WORK TO COMPLETE:
All entries need to be written out verbatim, with pictures omitted.

───── THE DATA ─────

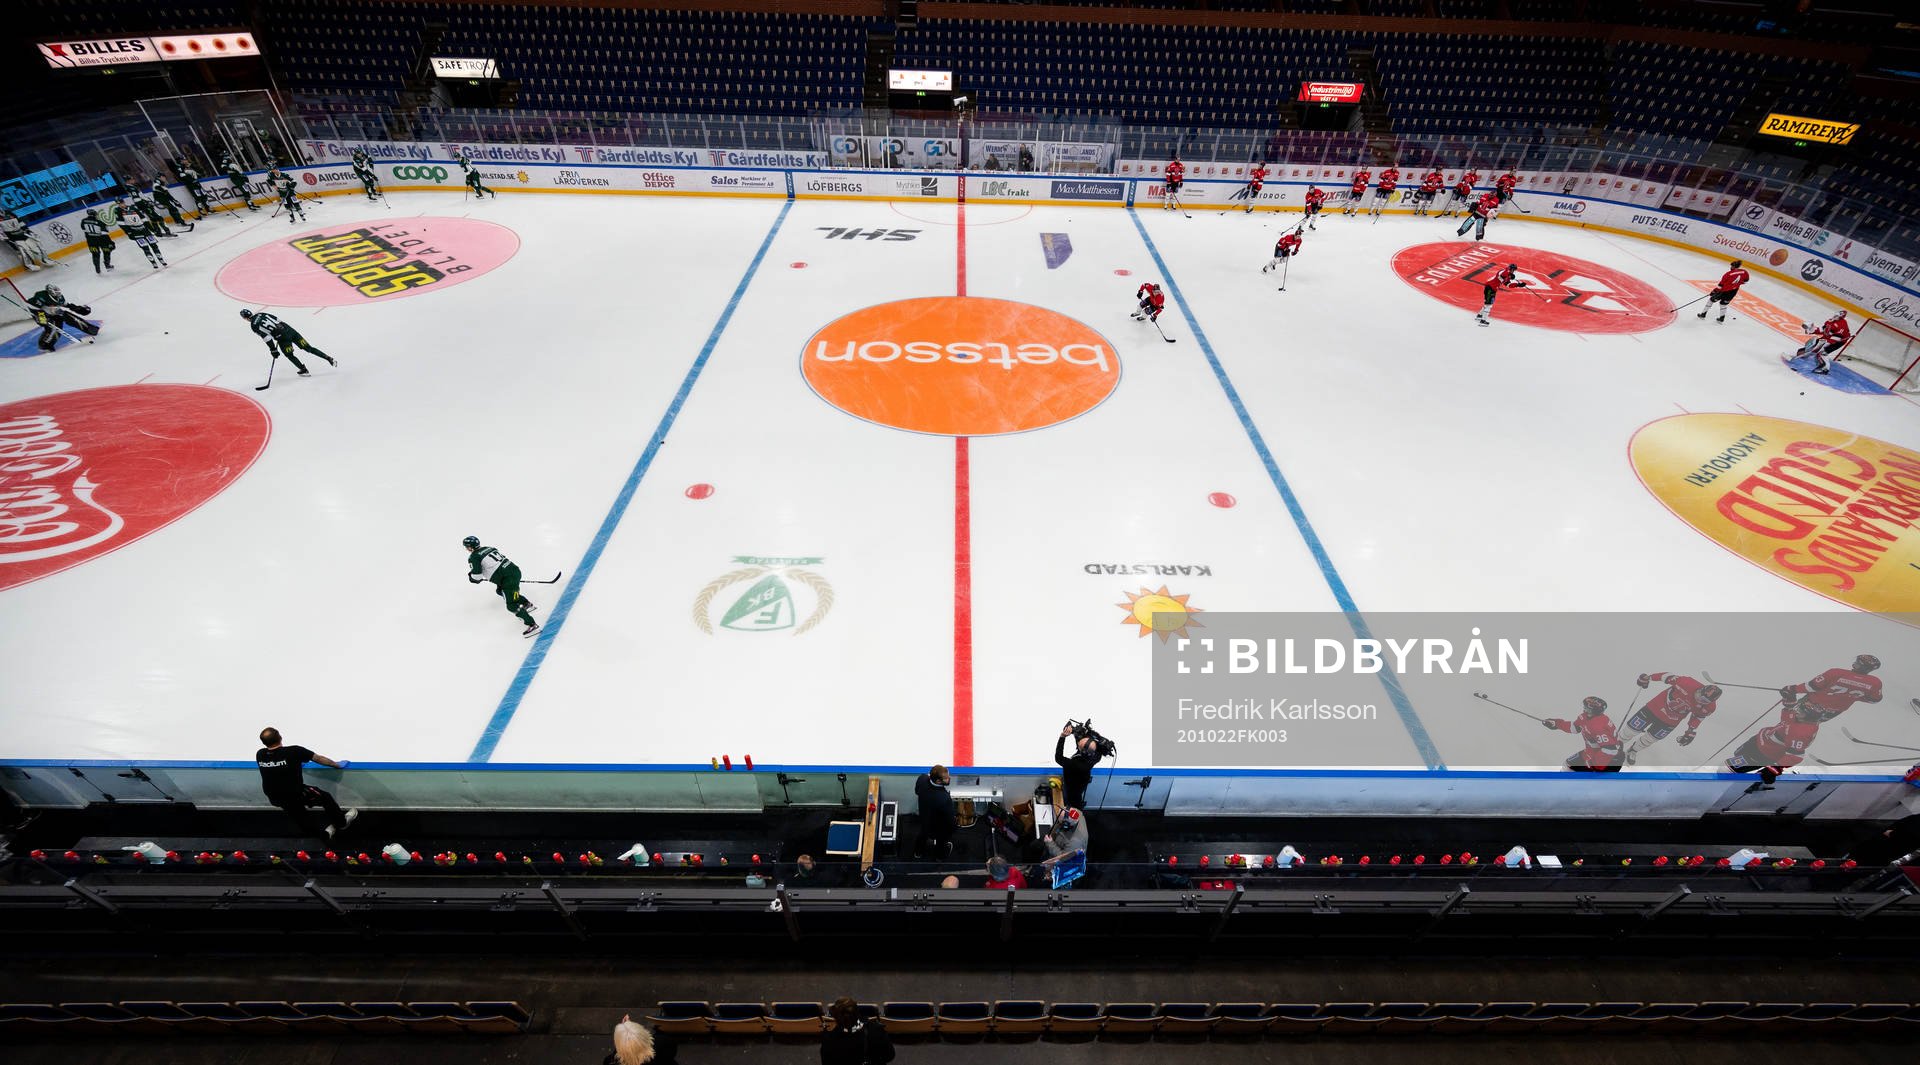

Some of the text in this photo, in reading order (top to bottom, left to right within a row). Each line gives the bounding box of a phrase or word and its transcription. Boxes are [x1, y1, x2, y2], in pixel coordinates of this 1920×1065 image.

[69, 39, 146, 55] BILLES
[79, 57, 100, 65] Billes
[101, 55, 129, 64] Tryckeri
[438, 60, 462, 69] SAFE
[1310, 86, 1353, 95] Industrimiljö
[1766, 118, 1851, 141] RAMIRENT
[407, 145, 433, 161] Kyl
[461, 146, 567, 163] Gårdfeldts Kyl
[597, 149, 699, 166] Gårdfeldts Kyl
[728, 152, 829, 168] Gårdfeldts Kyl
[318, 172, 359, 182] AllOffic
[393, 165, 448, 184] coop
[478, 173, 516, 181] ARLSTAD.SE
[554, 176, 609, 187] LÄROVERKEN
[642, 172, 675, 182] Office
[807, 181, 862, 193] LÖFBERGS
[1008, 188, 1030, 197] frakt
[1056, 183, 1120, 195] Max Matthiessen
[1554, 201, 1579, 211] KMAB
[1632, 214, 1689, 234] PUTS TEGEL
[815, 226, 924, 242] SHL
[370, 223, 473, 275] BLADET
[1713, 234, 1770, 259] Swedbank
[287, 227, 447, 298] SPORT
[1414, 245, 1501, 285] BAUHAUS
[1802, 262, 1823, 276] ISS
[815, 340, 1110, 372] betsson
[1684, 432, 1767, 488] ALKOHOLFRI
[1716, 441, 1877, 541] GULD
[1083, 563, 1213, 577] KARLSTAD
[1596, 734, 1610, 744] 36
[1791, 739, 1804, 750] 18

─────

ANSWER TO THE PROBLEM:
Some of the text in this photo, in reading order (top to bottom, left to right within a row). Each line gives the bounding box of a phrase or word and its transcription. Boxes are [x1, y1, x2, y2], in pixel coordinates of this 1920×1065 image.

[69, 39, 146, 55] BILLES
[79, 57, 100, 65] Billes
[101, 55, 129, 64] Tryckeri
[438, 60, 462, 69] SAFE
[1310, 86, 1353, 95] Industrimiljö
[1766, 118, 1851, 141] RAMIRENT
[407, 145, 433, 161] Kyl
[461, 146, 567, 163] Gårdfeldts Kyl
[597, 149, 699, 166] Gårdfeldts Kyl
[728, 152, 829, 168] Gårdfeldts Kyl
[318, 172, 359, 182] AllOffic
[393, 165, 448, 184] coop
[478, 173, 516, 181] ARLSTAD.SE
[554, 176, 609, 187] LÄROVERKEN
[642, 172, 675, 182] Office
[807, 181, 862, 193] LÖFBERGS
[1008, 188, 1030, 197] frakt
[1056, 183, 1120, 195] Max Matthiessen
[1554, 201, 1579, 211] KMAB
[1632, 214, 1689, 234] PUTS TEGEL
[815, 226, 924, 242] SHL
[370, 223, 473, 275] BLADET
[1713, 234, 1770, 259] Swedbank
[287, 227, 447, 298] SPORT
[1414, 245, 1501, 285] BAUHAUS
[1802, 262, 1823, 276] ISS
[815, 340, 1110, 372] betsson
[1684, 432, 1767, 488] ALKOHOLFRI
[1716, 441, 1877, 541] GULD
[1083, 563, 1213, 577] KARLSTAD
[1596, 734, 1610, 744] 36
[1791, 739, 1804, 750] 18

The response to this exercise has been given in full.